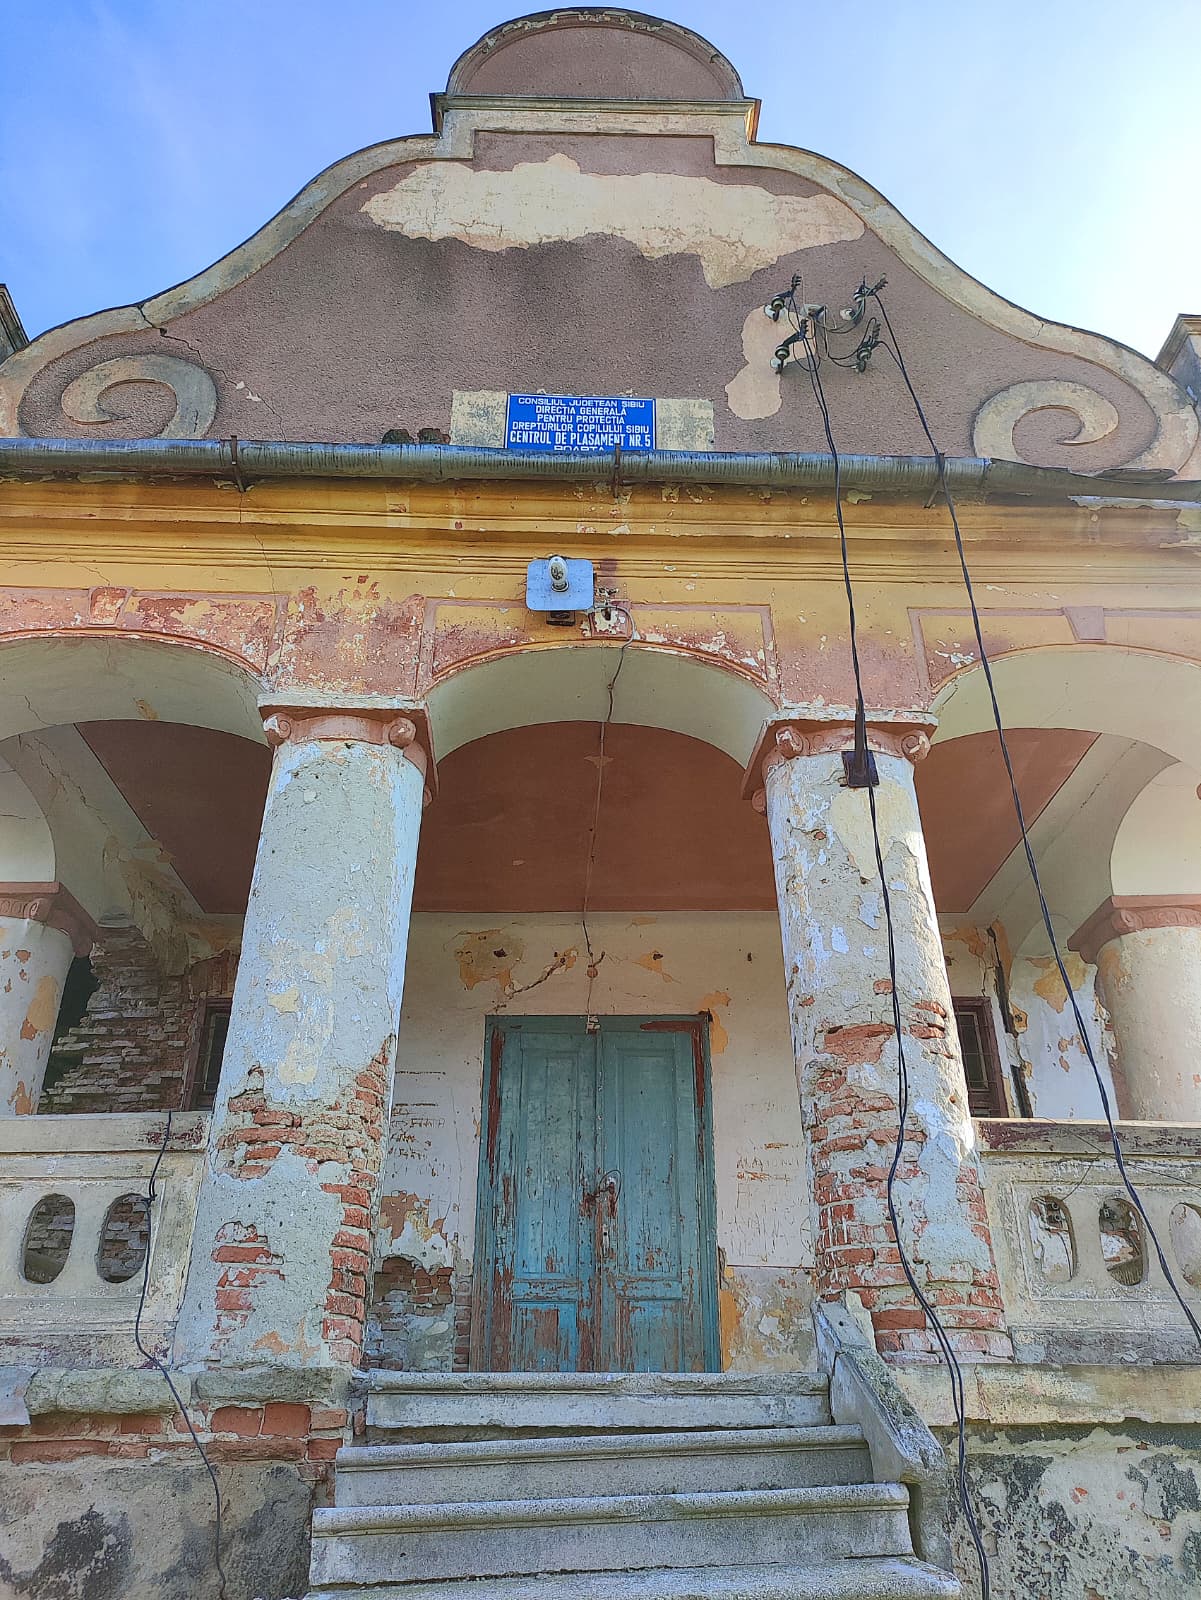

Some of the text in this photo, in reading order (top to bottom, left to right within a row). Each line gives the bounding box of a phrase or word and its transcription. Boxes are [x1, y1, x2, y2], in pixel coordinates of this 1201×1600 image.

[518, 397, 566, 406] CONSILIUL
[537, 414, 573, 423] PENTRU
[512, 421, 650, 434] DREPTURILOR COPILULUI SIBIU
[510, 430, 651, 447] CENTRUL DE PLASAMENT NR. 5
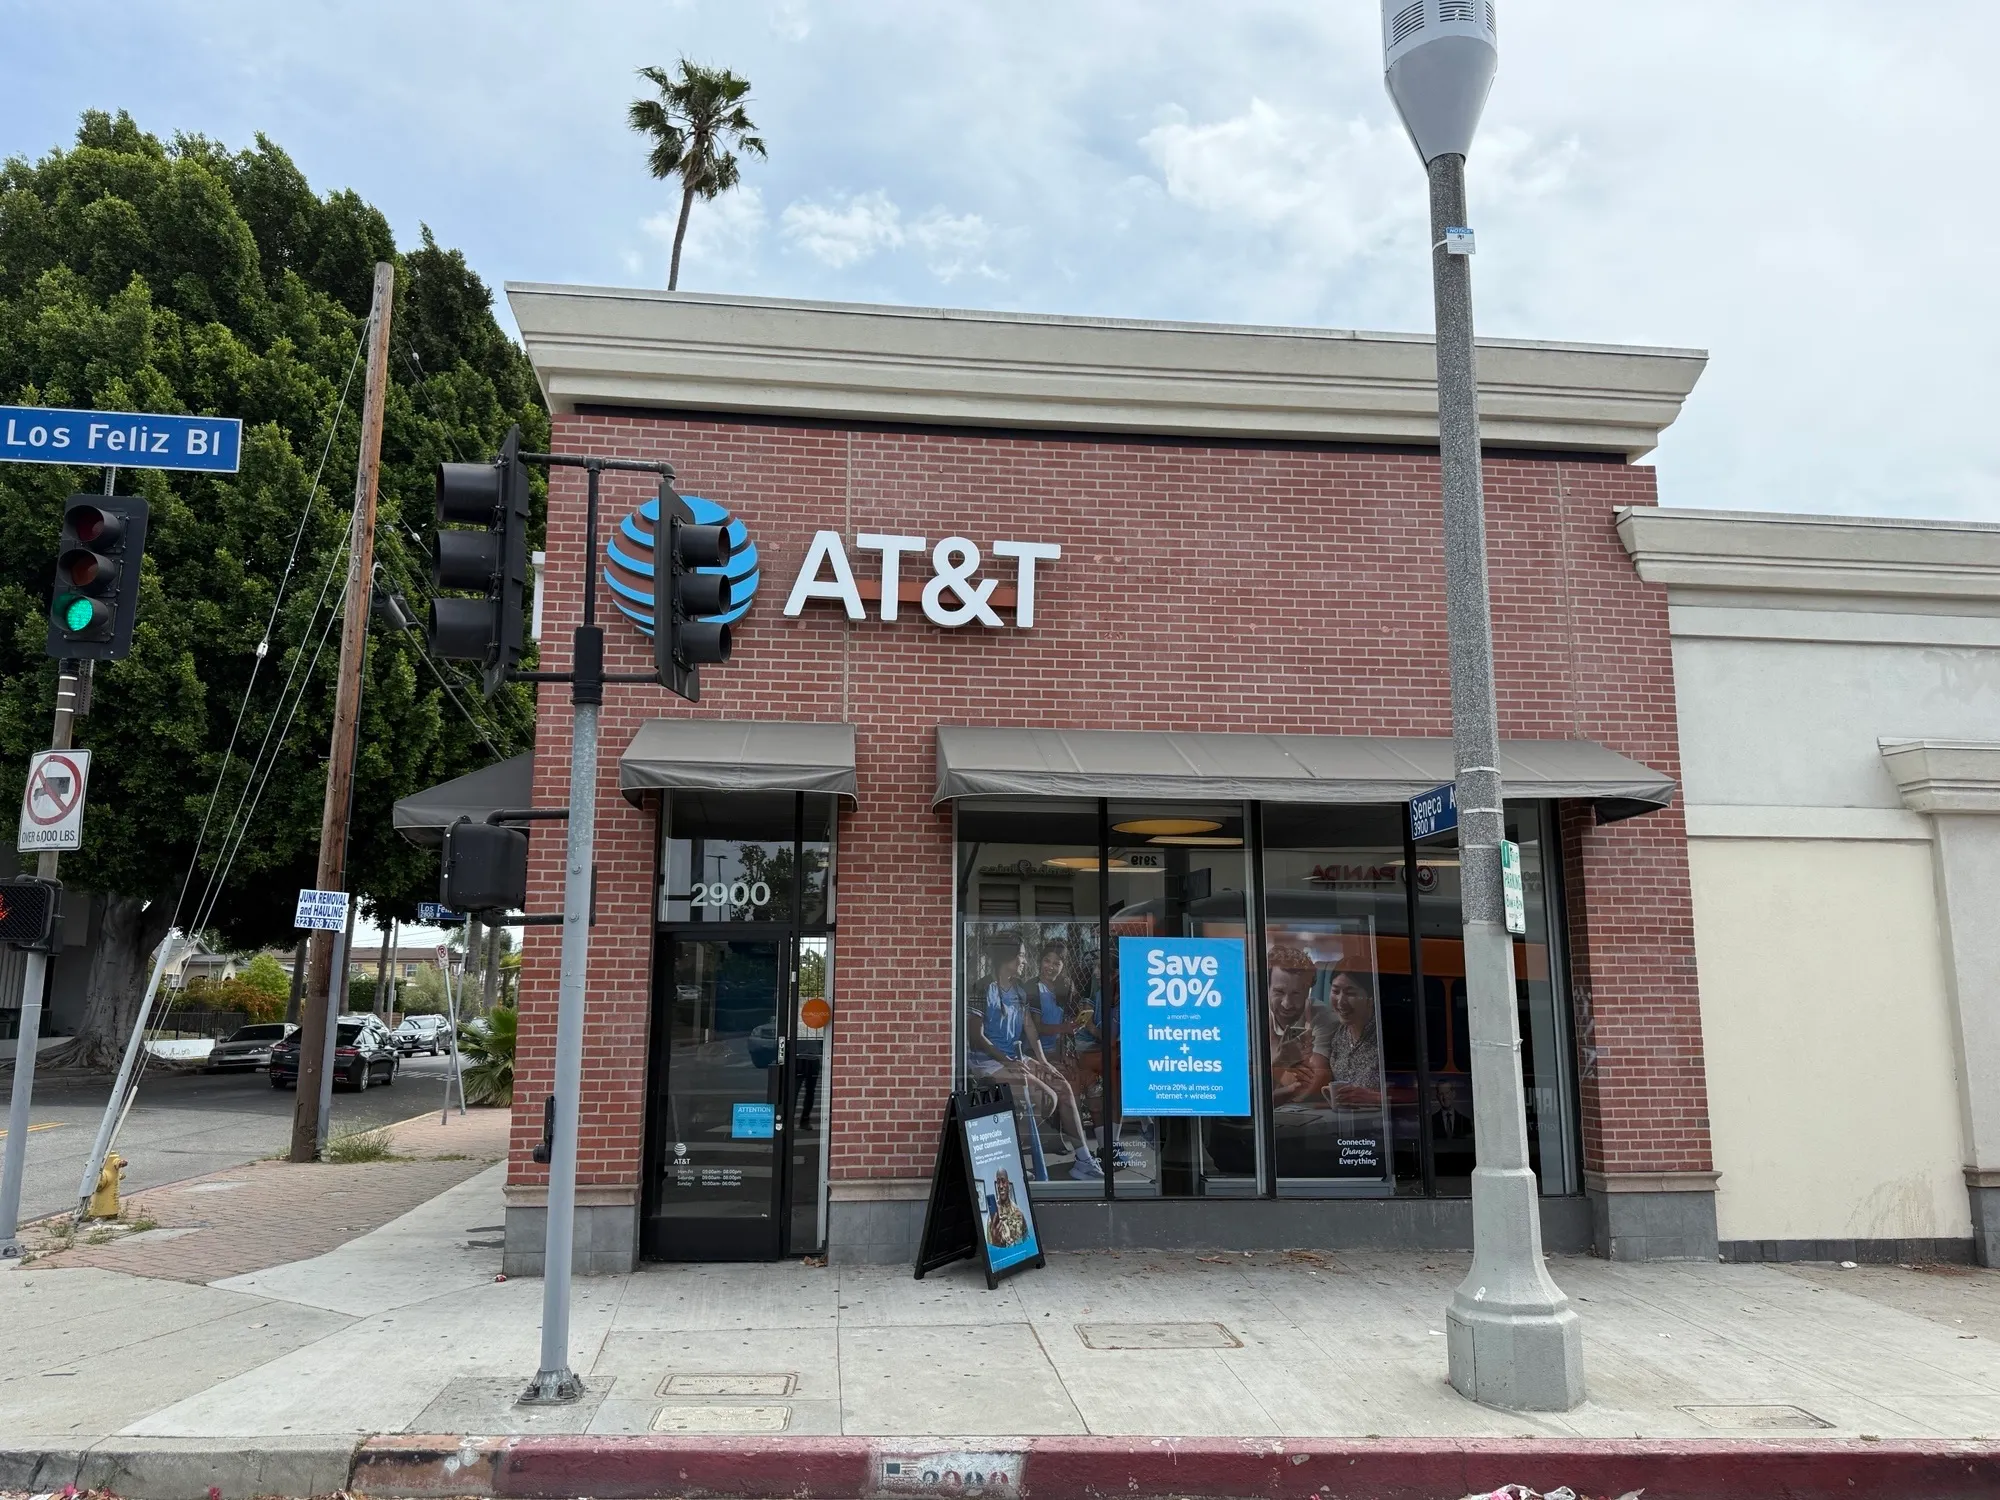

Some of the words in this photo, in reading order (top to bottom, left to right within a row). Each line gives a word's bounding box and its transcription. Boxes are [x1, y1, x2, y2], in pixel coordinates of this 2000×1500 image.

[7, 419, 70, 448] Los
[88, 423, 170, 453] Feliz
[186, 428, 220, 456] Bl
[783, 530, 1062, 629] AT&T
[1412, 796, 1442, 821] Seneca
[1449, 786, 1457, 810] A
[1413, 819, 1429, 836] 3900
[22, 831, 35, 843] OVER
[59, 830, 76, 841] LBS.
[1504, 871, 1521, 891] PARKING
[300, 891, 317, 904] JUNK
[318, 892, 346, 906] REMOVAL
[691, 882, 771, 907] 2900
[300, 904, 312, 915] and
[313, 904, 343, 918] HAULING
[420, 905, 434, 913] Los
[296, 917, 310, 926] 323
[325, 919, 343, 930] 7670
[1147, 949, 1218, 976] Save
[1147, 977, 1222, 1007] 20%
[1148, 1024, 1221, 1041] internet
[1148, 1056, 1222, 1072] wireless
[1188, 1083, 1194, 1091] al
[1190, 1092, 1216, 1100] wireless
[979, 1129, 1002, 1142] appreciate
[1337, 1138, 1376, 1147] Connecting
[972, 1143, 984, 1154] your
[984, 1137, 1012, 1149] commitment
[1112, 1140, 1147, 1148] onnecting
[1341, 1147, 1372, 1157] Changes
────
[AIM OF THE TASK] Apart from the images, retype the full material exactly as written.

[EXPECTED ANSWER]
Some of the text in this photo, in reading order (top to bottom, left to right within a row). Each line gives the bounding box of a phrase or word and its transcription. Boxes are [x1, y1, x2, y2], in pixel coordinates of this 1201×1600 image.

[518, 397, 566, 406] CONSILIUL
[537, 414, 573, 423] PENTRU
[512, 421, 650, 434] DREPTURILOR COPILULUI SIBIU
[510, 430, 651, 447] CENTRUL DE PLASAMENT NR. 5

Some of the words in this photo, in reading order (top to bottom, left to right within a row). Each line gives a word's bounding box and its transcription. Boxes are [x1, y1, x2, y2], in pixel coordinates of this 2000×1500 image.

[7, 419, 70, 448] Los
[88, 423, 170, 453] Feliz
[186, 428, 220, 456] Bl
[783, 530, 1062, 629] AT&T
[1412, 796, 1442, 821] Seneca
[1449, 786, 1457, 810] A
[1413, 819, 1429, 836] 3900
[22, 831, 35, 843] OVER
[59, 830, 76, 841] LBS.
[1504, 871, 1521, 891] PARKING
[300, 891, 317, 904] JUNK
[318, 892, 346, 906] REMOVAL
[691, 882, 771, 907] 2900
[300, 904, 312, 915] and
[313, 904, 343, 918] HAULING
[420, 905, 434, 913] Los
[296, 917, 310, 926] 323
[325, 919, 343, 930] 7670
[1147, 949, 1218, 976] Save
[1147, 977, 1222, 1007] 20%
[1148, 1024, 1221, 1041] internet
[1148, 1056, 1222, 1072] wireless
[1188, 1083, 1194, 1091] al
[1190, 1092, 1216, 1100] wireless
[979, 1129, 1002, 1142] appreciate
[1337, 1138, 1376, 1147] Connecting
[972, 1143, 984, 1154] your
[984, 1137, 1012, 1149] commitment
[1112, 1140, 1147, 1148] onnecting
[1341, 1147, 1372, 1157] Changes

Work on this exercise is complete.